A transfer-operator-based relation between Laplace eigenfunctions and zeros of Selberg zeta functions

TL;DR

This paper establishes a direct relation between eigenfunctions of transfer operators and zeros of Selberg zeta functions for hyperbolic surfaces, providing new insights without relying on Selberg theory.

Contribution

It proves an explicit isomorphism between transfer operator eigenspaces and zeros of Selberg zeta functions for Hecke triangle surfaces, confirming a conjecture by Möller and Pohl.

Findings

Explicit isomorphisms between transfer operator eigenspaces and zeta zeros.
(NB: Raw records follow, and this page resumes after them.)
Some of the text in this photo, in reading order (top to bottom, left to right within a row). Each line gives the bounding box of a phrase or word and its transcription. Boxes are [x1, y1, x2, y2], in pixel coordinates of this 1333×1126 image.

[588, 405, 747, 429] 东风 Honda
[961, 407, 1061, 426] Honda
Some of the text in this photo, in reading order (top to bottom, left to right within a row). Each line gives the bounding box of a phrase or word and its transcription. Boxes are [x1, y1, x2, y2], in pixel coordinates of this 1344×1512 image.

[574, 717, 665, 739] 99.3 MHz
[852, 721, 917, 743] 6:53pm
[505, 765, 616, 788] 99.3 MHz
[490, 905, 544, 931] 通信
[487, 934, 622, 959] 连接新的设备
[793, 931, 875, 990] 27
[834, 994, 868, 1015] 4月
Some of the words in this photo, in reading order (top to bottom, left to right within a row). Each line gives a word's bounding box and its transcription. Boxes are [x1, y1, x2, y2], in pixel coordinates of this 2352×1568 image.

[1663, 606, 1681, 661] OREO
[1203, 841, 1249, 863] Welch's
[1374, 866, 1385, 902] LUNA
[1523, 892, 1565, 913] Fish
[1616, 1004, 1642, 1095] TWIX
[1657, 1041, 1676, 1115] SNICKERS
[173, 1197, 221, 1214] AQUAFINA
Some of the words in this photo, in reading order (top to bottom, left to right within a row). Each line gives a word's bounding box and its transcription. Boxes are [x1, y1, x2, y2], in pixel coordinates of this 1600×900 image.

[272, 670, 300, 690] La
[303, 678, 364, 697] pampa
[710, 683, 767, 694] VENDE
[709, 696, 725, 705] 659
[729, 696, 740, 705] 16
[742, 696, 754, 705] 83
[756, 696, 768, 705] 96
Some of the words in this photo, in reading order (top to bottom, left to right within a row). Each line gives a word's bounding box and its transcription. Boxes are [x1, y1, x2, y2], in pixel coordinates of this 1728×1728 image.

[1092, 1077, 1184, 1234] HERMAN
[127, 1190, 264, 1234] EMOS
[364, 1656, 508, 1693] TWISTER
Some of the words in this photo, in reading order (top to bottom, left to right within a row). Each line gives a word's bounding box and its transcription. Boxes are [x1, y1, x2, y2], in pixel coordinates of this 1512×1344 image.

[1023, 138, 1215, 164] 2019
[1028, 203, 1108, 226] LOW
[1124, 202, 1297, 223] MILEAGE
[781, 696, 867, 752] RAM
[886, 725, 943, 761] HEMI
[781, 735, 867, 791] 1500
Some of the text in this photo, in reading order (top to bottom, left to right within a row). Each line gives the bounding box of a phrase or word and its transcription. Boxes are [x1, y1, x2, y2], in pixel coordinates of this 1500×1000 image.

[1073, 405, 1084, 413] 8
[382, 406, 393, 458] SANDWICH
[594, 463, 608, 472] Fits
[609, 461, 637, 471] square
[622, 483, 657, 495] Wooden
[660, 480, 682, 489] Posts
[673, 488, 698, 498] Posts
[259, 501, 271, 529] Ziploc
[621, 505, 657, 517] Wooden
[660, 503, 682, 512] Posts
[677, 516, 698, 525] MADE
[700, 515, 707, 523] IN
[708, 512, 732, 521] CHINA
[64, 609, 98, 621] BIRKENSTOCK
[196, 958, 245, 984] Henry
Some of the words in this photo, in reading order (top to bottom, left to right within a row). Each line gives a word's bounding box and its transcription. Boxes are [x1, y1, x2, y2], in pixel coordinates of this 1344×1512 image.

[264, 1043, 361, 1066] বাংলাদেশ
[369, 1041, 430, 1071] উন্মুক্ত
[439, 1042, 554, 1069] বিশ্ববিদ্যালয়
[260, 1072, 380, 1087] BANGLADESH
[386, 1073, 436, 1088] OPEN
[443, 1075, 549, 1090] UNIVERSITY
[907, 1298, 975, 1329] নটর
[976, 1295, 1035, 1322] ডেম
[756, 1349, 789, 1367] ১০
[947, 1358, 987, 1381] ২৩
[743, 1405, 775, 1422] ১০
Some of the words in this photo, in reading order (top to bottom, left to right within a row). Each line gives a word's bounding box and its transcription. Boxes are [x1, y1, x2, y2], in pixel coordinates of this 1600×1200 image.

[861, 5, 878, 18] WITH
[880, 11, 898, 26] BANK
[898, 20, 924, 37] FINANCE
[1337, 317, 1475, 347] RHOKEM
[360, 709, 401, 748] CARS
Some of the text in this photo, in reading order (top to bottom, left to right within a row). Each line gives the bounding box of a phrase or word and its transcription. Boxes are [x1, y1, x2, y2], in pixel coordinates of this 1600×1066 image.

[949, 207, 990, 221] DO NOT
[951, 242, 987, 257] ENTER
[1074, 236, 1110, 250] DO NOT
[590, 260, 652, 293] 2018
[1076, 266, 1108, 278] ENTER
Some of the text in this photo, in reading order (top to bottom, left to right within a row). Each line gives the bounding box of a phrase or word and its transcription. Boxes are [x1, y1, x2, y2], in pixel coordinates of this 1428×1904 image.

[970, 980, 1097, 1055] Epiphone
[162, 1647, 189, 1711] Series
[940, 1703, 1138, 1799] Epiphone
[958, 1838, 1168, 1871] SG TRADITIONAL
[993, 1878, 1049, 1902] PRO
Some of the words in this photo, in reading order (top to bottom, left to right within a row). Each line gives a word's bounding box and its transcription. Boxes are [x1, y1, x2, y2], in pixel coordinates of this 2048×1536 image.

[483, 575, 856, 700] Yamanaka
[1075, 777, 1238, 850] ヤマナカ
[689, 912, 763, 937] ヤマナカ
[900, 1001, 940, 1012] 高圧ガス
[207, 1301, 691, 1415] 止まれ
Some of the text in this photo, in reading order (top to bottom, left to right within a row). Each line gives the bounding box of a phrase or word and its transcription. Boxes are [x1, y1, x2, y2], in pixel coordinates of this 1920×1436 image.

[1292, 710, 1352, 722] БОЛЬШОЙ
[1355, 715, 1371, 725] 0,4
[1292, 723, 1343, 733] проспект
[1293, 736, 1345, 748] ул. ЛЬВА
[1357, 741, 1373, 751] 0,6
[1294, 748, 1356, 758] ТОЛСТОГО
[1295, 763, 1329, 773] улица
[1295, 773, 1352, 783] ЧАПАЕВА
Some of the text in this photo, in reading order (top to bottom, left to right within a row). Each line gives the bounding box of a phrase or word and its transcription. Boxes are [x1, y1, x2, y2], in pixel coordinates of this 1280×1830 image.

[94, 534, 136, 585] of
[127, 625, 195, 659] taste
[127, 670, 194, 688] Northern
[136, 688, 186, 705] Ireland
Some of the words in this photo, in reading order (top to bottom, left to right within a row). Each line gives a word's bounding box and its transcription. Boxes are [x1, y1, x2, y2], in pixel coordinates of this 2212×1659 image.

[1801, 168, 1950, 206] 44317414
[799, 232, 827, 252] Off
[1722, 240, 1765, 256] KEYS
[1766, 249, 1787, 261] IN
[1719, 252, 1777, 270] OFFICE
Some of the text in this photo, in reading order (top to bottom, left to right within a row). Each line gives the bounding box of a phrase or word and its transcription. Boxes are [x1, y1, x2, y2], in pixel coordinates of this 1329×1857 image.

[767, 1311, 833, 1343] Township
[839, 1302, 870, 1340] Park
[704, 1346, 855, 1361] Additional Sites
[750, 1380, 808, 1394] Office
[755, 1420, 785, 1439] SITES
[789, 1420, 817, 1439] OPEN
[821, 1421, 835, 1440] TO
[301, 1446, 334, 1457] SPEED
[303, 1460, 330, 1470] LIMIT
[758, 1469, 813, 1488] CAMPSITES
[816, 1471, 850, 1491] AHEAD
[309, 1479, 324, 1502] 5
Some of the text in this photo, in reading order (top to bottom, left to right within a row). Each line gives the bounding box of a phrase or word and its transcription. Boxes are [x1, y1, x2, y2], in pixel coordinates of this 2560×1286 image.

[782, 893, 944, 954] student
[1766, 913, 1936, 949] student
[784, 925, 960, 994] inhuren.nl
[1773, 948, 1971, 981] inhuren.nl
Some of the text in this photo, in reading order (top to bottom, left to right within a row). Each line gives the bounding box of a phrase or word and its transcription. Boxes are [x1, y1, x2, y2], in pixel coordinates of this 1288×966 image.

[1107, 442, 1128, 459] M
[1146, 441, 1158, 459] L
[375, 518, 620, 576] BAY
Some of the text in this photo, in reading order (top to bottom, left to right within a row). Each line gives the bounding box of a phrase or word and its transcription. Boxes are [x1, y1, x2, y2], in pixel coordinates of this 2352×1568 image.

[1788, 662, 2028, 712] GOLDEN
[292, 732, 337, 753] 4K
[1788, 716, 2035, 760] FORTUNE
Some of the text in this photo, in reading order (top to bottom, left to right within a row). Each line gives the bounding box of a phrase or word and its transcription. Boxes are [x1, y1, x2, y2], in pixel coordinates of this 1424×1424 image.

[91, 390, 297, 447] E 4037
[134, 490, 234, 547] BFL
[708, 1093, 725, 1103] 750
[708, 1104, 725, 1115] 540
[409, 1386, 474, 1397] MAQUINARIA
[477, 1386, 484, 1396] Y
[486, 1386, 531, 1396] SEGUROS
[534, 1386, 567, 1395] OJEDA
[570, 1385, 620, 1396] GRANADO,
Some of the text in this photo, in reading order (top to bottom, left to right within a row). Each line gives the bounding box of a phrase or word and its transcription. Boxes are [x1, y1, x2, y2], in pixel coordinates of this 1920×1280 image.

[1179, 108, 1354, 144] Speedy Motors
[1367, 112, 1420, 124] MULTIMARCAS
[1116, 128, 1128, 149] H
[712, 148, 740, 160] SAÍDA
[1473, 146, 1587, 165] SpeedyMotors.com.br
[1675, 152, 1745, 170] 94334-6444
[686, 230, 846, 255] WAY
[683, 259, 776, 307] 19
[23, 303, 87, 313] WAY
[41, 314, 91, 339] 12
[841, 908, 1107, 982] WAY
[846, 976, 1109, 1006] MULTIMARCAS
Characterization of Selberg zeta zeros independently of Selberg trace formula.

Supports conjectures relating automorphic functions and resonances.

Abstract

Over the last few years Pohl (partly jointly with coauthors) developed dual `slow/fast' transfer operator approaches to automorphic functions, resonances, and Selberg zeta functions for a certain class of hyperbolic surfaces $\Gamma\backslash\mathbb{H}$ with cusps and all finite-dimensional unitary representations $\chi$ of $\Gamma$. The eigenfunctions with eigenvalue $1$ of the fast transfer operators determine the zeros of the Selberg zeta function for $(\Gamma,\chi)$. Further, if $\Gamma$ is cofinite and $\chi$ is the trivial one-dimensional representation then highly regular eigenfunctions with eigenvalue $1$ of the slow transfer operators characterize Maass cusp forms for $\Gamma$. Conjecturally, this characterization extends to more general automorphic functions as well as to residues at resonances. In this article we study, without relying on Selberg theory, the relation between the eigenspaces of these two types of transfer operators for any Hecke triangle surface $\Gamma\backslash\mathbb{H}$ of finite or infinite area and any finite-dimensional unitary representation $\chi$ of the Hecke triangle group $\Gamma$. In particular we provide explicit isomorphisms between relevant subspaces. This solves a conjecture by M\"oller and Pohl, characterizes some of the zeros of the Selberg zeta functions independently of the Selberg trace formula, and supports the previously mentioned conjectures.